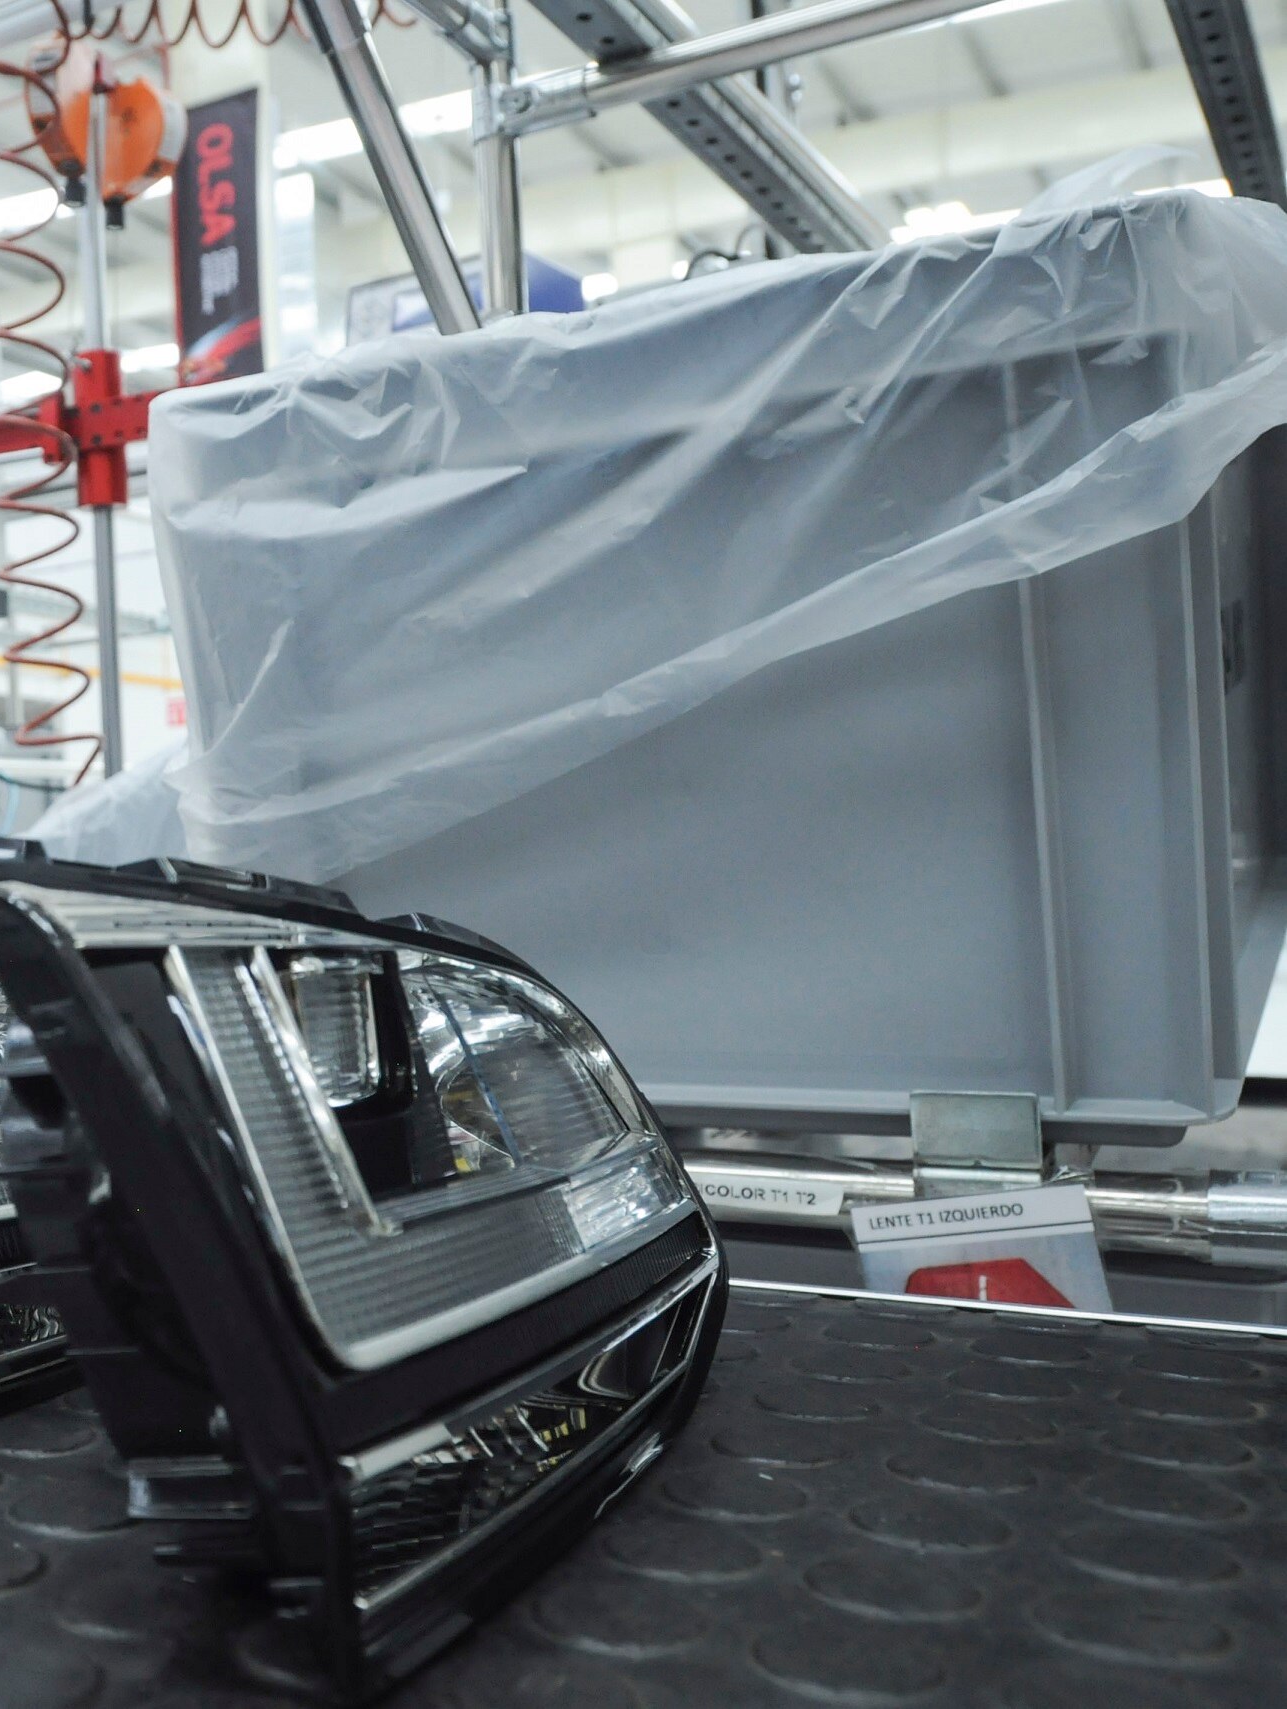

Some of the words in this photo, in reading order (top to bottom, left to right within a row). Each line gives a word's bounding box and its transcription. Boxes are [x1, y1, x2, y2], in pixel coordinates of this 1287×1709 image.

[196, 122, 237, 246] OLSA
[771, 1189, 789, 1203] T1
[796, 1191, 817, 1206] T2
[869, 1214, 912, 1231] LENTE
[917, 1211, 936, 1226] T1
[939, 1202, 1024, 1224] IZQUIERDO

WHAT IS NEEDED
The data above must be written out again word for word, without its pictures.

TASK SOLUTION
Some of the words in this photo, in reading order (top to bottom, left to right within a row). Each line gives a word's bounding box and its transcription. Boxes are [x1, y1, x2, y2], in pixel coordinates of this 1287×1709 image.

[196, 122, 237, 246] OLSA
[771, 1189, 789, 1203] T1
[796, 1191, 817, 1206] T2
[869, 1214, 912, 1231] LENTE
[917, 1211, 936, 1226] T1
[939, 1202, 1024, 1224] IZQUIERDO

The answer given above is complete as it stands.